Another deadly fall?
I’m heading to the East Bay this weekend to watch my grandson, a 4th grader, play soccer as I’ve watched him play basketball in season. But I never plan to watch him play football and I hope he never does.
A few weeks ago, I tuned in to a PBS Frontline documentary,“League of Denial,” which develops the story of the National Football League’s concussion crisis, and how the league crushed the reputation and livelihood of forensic neuropathologist Dr. Bennet Omalu who was the first to discover and name the neurological deterioration known as chronic traumatic encephalopathy, or CTE. The disease has been found in the brains of more than 100 former NFL players.
This story was movingly told, and, I thought, brilliantly acted by Will Smith as Dr. Omalu, in a 2015 feature film, Concussion. The dramatic thriller (quoting from the IMDB description) is “a true David vs. Goliath story of an American immigrant from Nigeria, whose passionate quest puts him at dangerous odds with one of the most powerful institutions in the world.” Dr. Omalu examined the body of popular Pittsburg Steelers’ center Mike Webster in September 2002 and noticed the anomalies that lead him to define CTE. It was a pleasure to “meet” the real Dr. Omalu in the Frontline piece, and very painful to see how his career was destroyed and his subsequent research discredited as he continued to examine the bodies of many other professional football players who suffered tragic early deaths, often by suicide.
A further shadow was cast over football for me in late August when a 17-year-old Fortuna High School football player collapsed during a game against our local Cardinal Newman team. The boy had a stroke, was put in a medically induced coma, and while he has been brought out of the coma, is still suffering the effects of brain injury. “No conclusions as to cause” have yet been drawn, at least in the articles I have seen.

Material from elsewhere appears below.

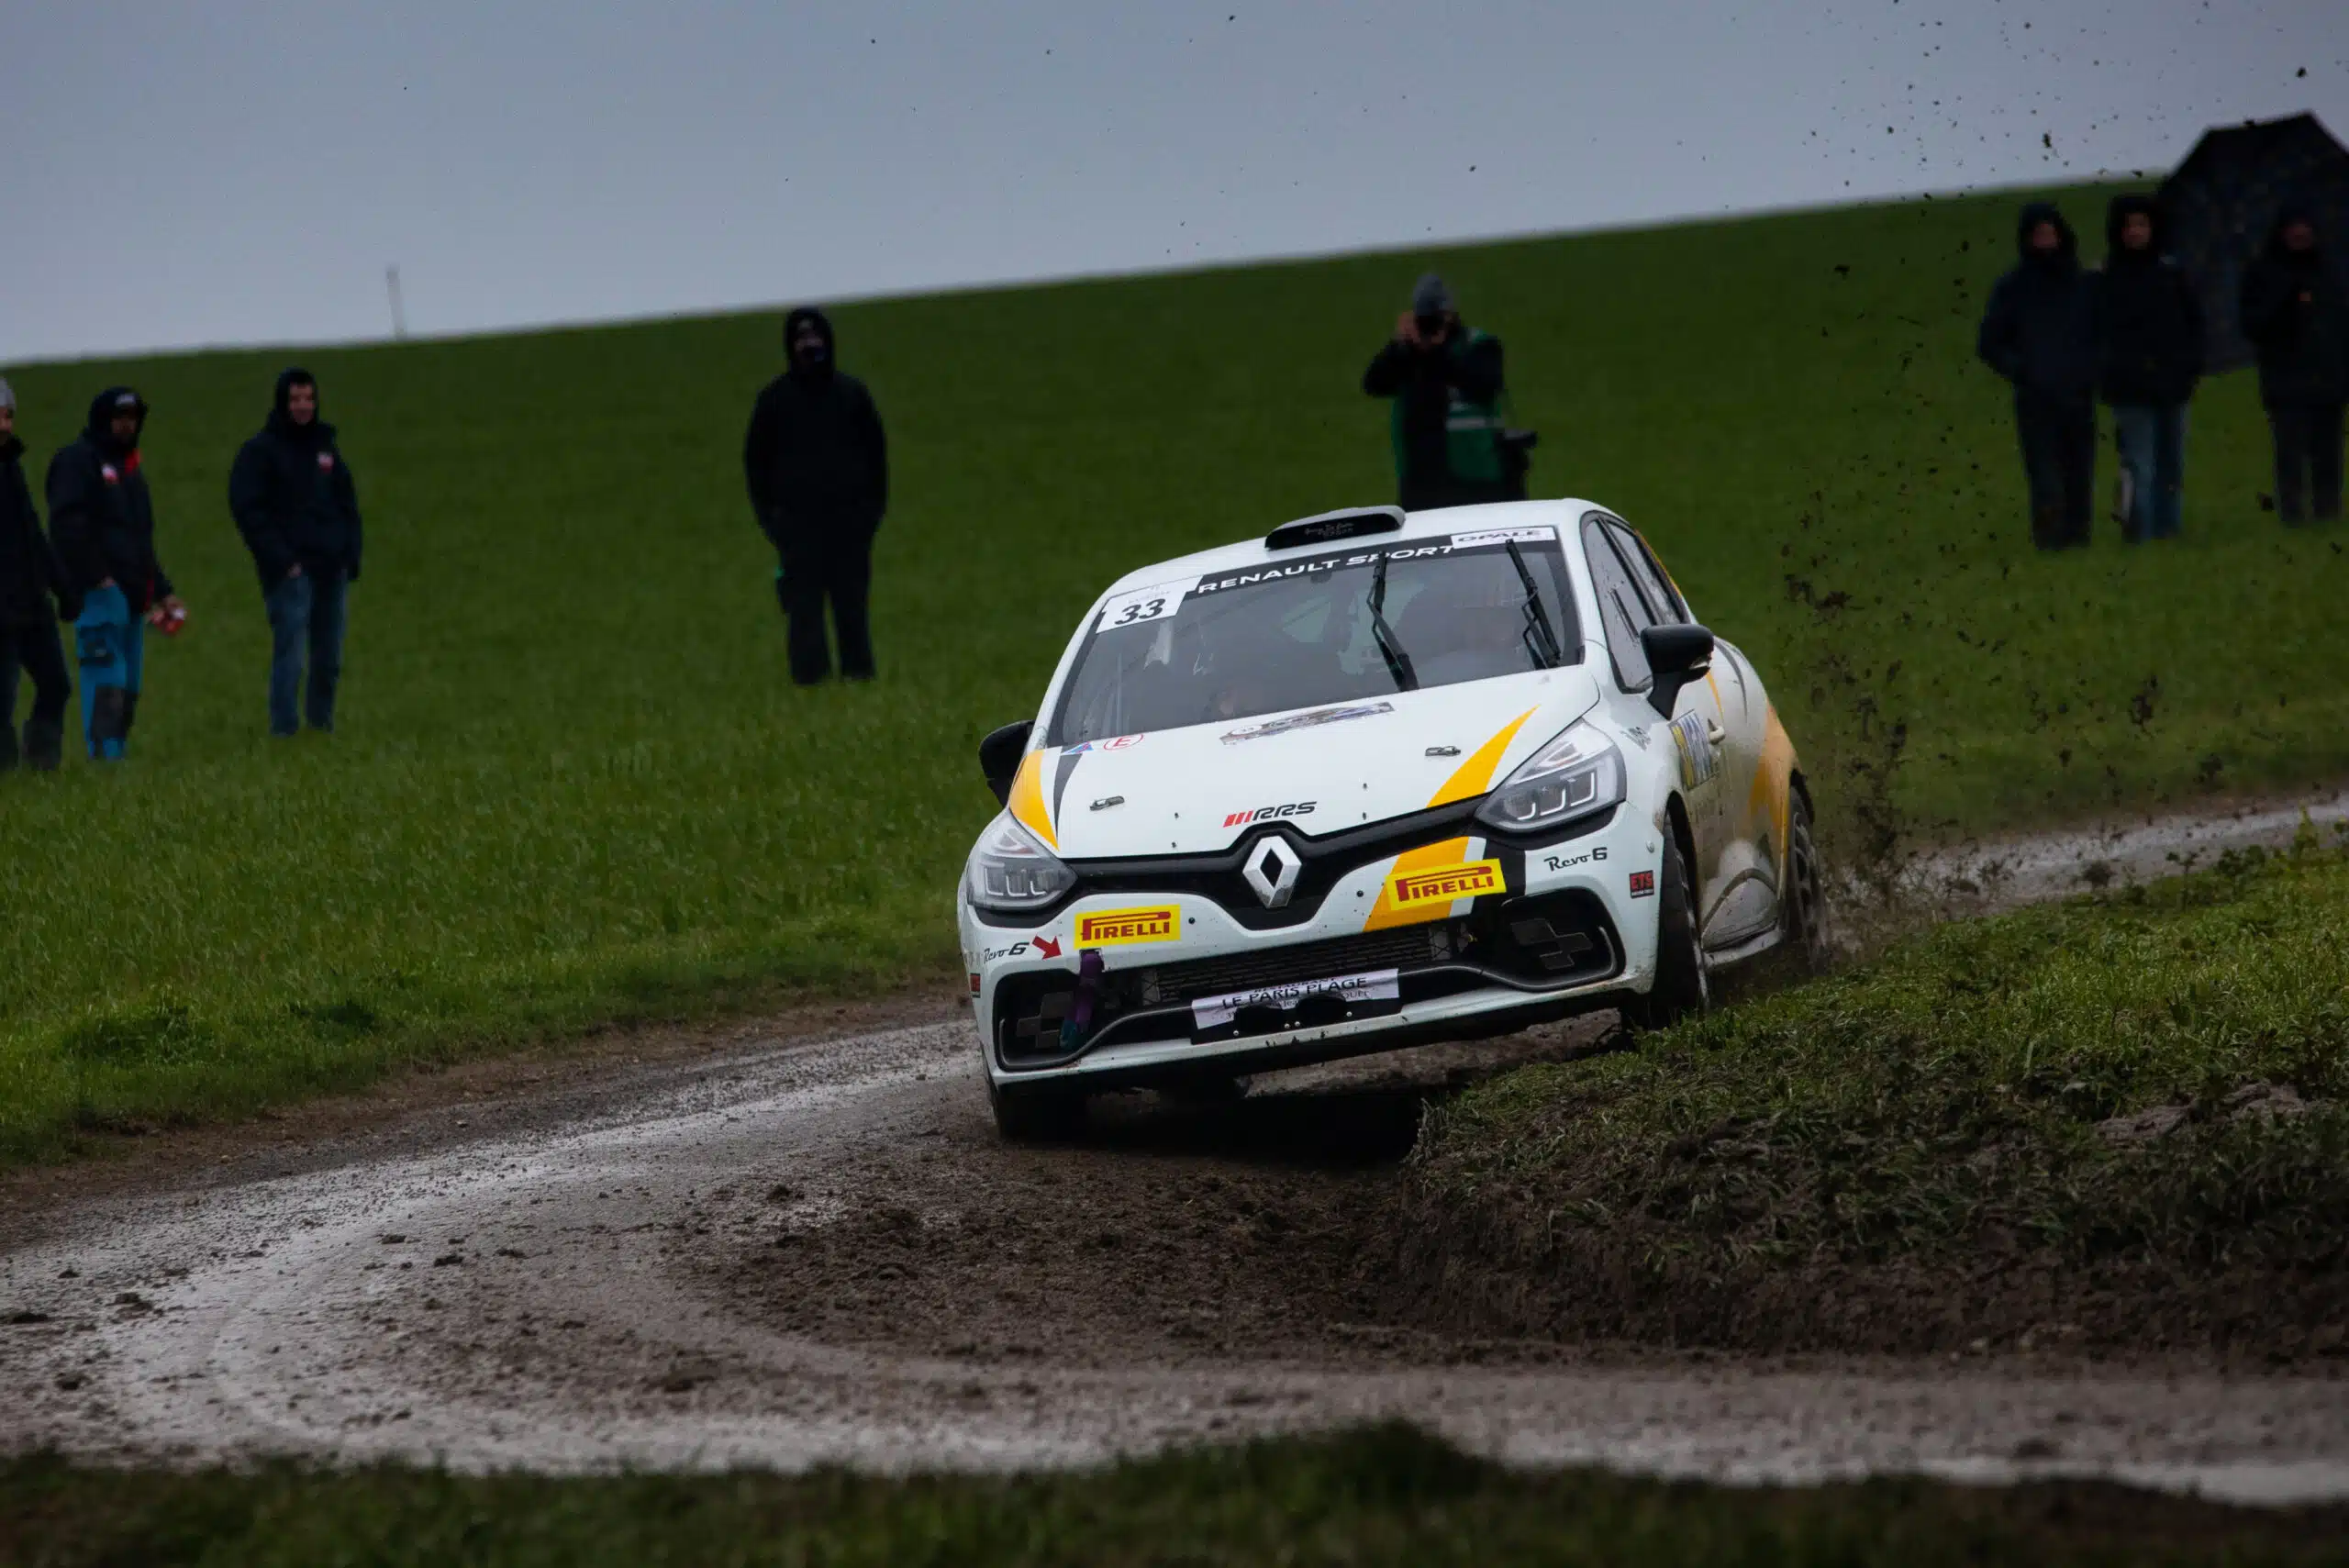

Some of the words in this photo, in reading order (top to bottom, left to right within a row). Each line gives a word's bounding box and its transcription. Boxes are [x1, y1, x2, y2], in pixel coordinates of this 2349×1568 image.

On August 31, the New York Times reported that ESPN college football analyst Ed Cunningham resigned from the work he had done every fall for almost 20 years. The reason: his growing discomfort with the damage being inflicted on players. In good conscience, Cunningham, a former defensive lineman himself, said he could no longer be in the “cheerleader’s spot” for football.
Finally, I’ll refer to an op ed piece by Paul Gullixson, Press Democrat editorial director, a high school football player and lover of the game, who admits that “football as we know it” has to change.
…There’s no shortage of ideas of how to make the game and equipment safer. But most of it is just shuffling the deck chairs of a sinking ship. The sport has to change in some dramatic form…If not, the game may fade away on its own accord, a victim of increasing liability costs and decreasing participation. Studies show participation in high school football dropped another 3 percent nationwide last year and is down 10 percent over the past decade.
If change is going to occur, it’s certainly not going to come from the NFL, which begins another season today, a season that, despite the CTE concerns, is expected to generate nearly $14 billion in revenue, up more than 50 percent from just seven years ago. No, if change is going to come it needs to happen at the high school level and younger leagues. And it needs to start with the realization that we are entertaining ourselves by watching and encouraging kids to participate in a sport that puts them at tremendous risk — risks that we don’t yet fully understand.
The truth, as Gullixson concludes, should have everyone’s head ringing.